5. The idea of growing fish entices a lot of people. And this probably accounts for the small businesses selling systems. But think about it for a moment. If you were growing fish you would need to get rid of the nutrients. Some people do water changes. Some people grow water lilies. Some people let algae grow. Really smart people create a wetland to soak up the nutrients and recycle the water back into the system. Really, really smart people construct a wetland of lettuces.

Having said all of this, the other posts in this thread make a really good point about the sustainability of using sea-sourced protein to power these systems. It has been noted, by more than one commentator, that the value of these systems are in their vegetable output, not their fish output. So, valuable sea-sourced protein is being converted into the lowest of all uses - growing lettuce. This, in my opinion, is not a good thing.

Some pioneers have experimented with other sources of organic plant nutrient with good success. So it is no longer aquaponics. A common term they use is bio-ponics.

But still, when the electricity stops, so does your food.


10 years ago
I started in a similar way - mainly as a thought experiment. And came to a similar conclusion.

Although I didn't stop there. I found a thread about fishless systems and started my thought experiments again. I now have a system that uses a local, terrestrial, waste stream for nutrients and 40W, continuous, of electricity (which costs $8 per month where I come from). I am now looking at the idea of stopping the pump overnight to cut that down. The only thing slowing me is the fact that my night electricity costs about 30% of my daytime power, so my savings won't be much to worry about.

I use deep water culture beds to grow lettuce and herbs. This, for me, is the easiest way to grow these kinds of annual vegetables. I am investigating just how many types, that I eat, I can grow. Planned right I figure that each 2m2 DWC bed will cost me another 5W of electricity ($1/month). Each flood and drain bed should come free (the 5W is for air).
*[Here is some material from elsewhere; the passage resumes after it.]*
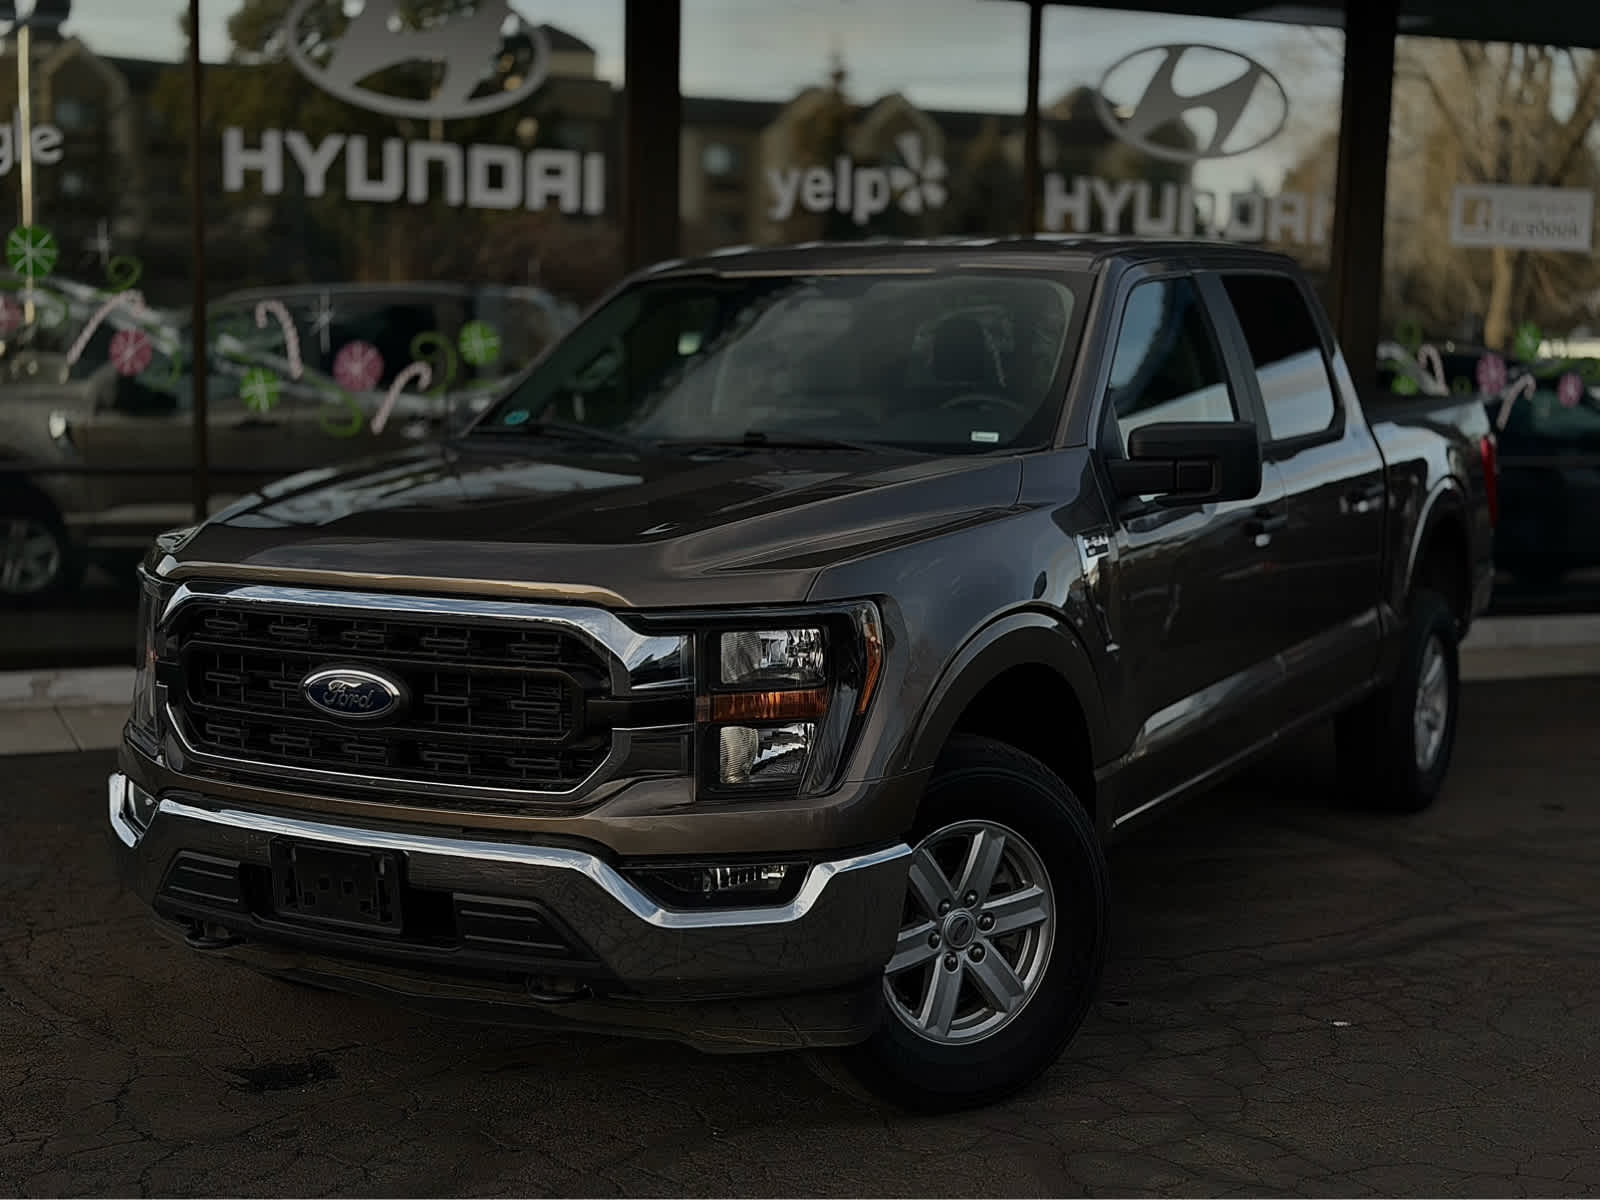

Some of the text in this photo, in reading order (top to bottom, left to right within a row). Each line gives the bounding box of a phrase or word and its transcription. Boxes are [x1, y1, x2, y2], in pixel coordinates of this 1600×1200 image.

The rest of my plan is to convert my annual beds to perennial beds. And that is the piece of the puzzle that makes permaculture, for me, a thing. Annual vegetable beds are in a continual state of pioneering. As unnatural as aquaponics. Now I can let it go and do some serious design with the space - using annuals to pioneer the system, ironically.

Still uses plastic though.

Bill Mollison defines a sustainable system as one that creates (or saves) as much energy in its lifetime as it took to make and run it. Using $ as a proxy for embodied and continuous energy (not necessarily accurate), I think my system is probably sustainable.